**TASK TO CARRY OUT**.
Everything from the line that contains "this 1920×1282 image." through the last line of the listing must be copied exactly, with both of those lines included and no others.
○ ○ ○ ○
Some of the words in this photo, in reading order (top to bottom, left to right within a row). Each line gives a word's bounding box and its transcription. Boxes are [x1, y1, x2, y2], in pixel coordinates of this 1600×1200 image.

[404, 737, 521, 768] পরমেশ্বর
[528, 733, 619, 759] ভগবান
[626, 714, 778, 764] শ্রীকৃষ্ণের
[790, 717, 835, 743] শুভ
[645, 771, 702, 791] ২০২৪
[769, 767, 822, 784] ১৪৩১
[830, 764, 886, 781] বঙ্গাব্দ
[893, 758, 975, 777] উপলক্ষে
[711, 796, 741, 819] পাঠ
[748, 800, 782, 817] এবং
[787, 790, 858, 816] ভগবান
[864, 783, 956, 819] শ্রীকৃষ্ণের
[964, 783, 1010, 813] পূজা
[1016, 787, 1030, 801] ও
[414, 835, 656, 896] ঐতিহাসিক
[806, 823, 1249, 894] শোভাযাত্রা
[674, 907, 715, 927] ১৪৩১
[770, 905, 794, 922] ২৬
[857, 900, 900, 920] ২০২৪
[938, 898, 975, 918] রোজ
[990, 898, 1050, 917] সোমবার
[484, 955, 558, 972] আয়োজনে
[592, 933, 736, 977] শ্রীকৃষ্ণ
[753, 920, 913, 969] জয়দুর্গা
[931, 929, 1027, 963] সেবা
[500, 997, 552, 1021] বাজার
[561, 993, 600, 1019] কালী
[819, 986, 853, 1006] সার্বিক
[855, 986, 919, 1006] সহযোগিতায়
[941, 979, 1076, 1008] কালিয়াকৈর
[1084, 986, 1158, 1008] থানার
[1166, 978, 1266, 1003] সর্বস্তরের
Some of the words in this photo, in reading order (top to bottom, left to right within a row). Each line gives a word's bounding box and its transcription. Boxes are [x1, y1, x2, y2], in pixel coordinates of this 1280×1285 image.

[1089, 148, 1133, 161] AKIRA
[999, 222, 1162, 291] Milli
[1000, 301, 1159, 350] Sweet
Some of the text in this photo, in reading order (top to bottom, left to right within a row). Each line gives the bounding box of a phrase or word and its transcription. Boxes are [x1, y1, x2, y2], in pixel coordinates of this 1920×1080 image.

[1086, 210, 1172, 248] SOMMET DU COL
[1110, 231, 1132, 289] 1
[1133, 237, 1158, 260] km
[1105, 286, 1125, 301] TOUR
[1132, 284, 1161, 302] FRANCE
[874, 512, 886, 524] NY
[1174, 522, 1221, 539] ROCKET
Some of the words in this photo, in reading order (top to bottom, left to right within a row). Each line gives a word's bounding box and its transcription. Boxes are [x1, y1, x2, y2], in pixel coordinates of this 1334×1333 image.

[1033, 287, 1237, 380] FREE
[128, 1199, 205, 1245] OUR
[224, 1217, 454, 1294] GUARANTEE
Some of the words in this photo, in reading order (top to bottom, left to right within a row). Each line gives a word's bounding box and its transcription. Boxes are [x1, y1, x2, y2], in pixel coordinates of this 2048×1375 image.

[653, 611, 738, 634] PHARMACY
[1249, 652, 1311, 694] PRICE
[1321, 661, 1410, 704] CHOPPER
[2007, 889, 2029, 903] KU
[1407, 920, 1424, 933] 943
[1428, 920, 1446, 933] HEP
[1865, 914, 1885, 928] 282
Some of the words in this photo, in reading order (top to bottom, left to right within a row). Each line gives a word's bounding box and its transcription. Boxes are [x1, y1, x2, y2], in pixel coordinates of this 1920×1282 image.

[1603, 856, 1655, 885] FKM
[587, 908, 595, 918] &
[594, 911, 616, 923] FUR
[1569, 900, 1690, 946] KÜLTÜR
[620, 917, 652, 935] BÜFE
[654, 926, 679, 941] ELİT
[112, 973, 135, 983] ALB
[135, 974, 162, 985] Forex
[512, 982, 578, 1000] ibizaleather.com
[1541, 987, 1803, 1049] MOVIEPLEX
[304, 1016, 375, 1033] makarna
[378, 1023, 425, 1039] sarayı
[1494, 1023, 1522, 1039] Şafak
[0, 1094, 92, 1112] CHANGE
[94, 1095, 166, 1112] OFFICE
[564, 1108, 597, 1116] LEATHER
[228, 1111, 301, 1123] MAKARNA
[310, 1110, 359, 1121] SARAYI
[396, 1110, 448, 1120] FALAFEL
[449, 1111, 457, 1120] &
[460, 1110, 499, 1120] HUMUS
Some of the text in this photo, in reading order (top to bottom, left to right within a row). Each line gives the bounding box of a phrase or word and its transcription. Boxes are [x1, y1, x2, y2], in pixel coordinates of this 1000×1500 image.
○ ○ ○ ○
**WORKED SOLUTION**.
Some of the words in this photo, in reading order (top to bottom, left to right within a row). Each line gives a word's bounding box and its transcription. Boxes are [x1, y1, x2, y2], in pixel coordinates of this 1920×1282 image.

[1603, 856, 1655, 885] FKM
[587, 908, 595, 918] &
[594, 911, 616, 923] FUR
[1569, 900, 1690, 946] KÜLTÜR
[620, 917, 652, 935] BÜFE
[654, 926, 679, 941] ELİT
[112, 973, 135, 983] ALB
[135, 974, 162, 985] Forex
[512, 982, 578, 1000] ibizaleather.com
[1541, 987, 1803, 1049] MOVIEPLEX
[304, 1016, 375, 1033] makarna
[378, 1023, 425, 1039] sarayı
[1494, 1023, 1522, 1039] Şafak
[0, 1094, 92, 1112] CHANGE
[94, 1095, 166, 1112] OFFICE
[564, 1108, 597, 1116] LEATHER
[228, 1111, 301, 1123] MAKARNA
[310, 1110, 359, 1121] SARAYI
[396, 1110, 448, 1120] FALAFEL
[449, 1111, 457, 1120] &
[460, 1110, 499, 1120] HUMUS
Some of the text in this photo, in reading order (top to bottom, left to right within a row). Each line gives the bounding box of a phrase or word and its transcription. Boxes are [x1, y1, x2, y2], in pixel coordinates of this 1000×1500 image.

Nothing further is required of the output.